Free-text object descriptions

----------

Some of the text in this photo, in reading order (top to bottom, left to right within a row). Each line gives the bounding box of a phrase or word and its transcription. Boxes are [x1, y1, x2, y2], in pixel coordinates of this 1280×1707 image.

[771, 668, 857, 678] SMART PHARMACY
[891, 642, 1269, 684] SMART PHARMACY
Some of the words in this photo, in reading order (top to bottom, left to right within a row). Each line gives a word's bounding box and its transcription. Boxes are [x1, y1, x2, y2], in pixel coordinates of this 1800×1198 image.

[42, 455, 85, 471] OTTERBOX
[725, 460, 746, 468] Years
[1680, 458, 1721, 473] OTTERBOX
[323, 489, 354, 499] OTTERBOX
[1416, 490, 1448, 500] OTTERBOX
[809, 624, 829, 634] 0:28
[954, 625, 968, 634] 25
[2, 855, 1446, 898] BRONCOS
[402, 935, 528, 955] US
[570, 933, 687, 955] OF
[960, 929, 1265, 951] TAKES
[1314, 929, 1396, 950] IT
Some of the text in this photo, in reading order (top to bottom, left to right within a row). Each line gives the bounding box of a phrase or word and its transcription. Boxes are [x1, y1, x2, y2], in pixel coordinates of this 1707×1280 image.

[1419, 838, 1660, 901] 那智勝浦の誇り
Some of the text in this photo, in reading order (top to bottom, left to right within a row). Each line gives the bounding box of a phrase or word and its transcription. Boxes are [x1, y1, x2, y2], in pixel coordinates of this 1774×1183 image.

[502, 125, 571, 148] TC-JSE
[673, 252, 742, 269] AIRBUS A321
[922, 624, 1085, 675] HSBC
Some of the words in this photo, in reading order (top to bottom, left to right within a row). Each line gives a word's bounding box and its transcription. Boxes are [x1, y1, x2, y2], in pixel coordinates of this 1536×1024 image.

----------

* WHAT NEEDS TO BE DONE *
Start at the line with "this 1774×1183 image.". Give that line and every line after it again, word for word, through the last line above.

* RESPONSE TO THIS TASK *
Some of the text in this photo, in reading order (top to bottom, left to right within a row). Each line gives the bounding box of a phrase or word and its transcription. Boxes are [x1, y1, x2, y2], in pixel coordinates of this 1774×1183 image.

[502, 125, 571, 148] TC-JSE
[673, 252, 742, 269] AIRBUS A321
[922, 624, 1085, 675] HSBC
Some of the words in this photo, in reading order (top to bottom, left to right within a row). Each line gives a word's bounding box and its transcription. Boxes are [x1, y1, x2, y2], in pixel coordinates of this 1536×1024 image.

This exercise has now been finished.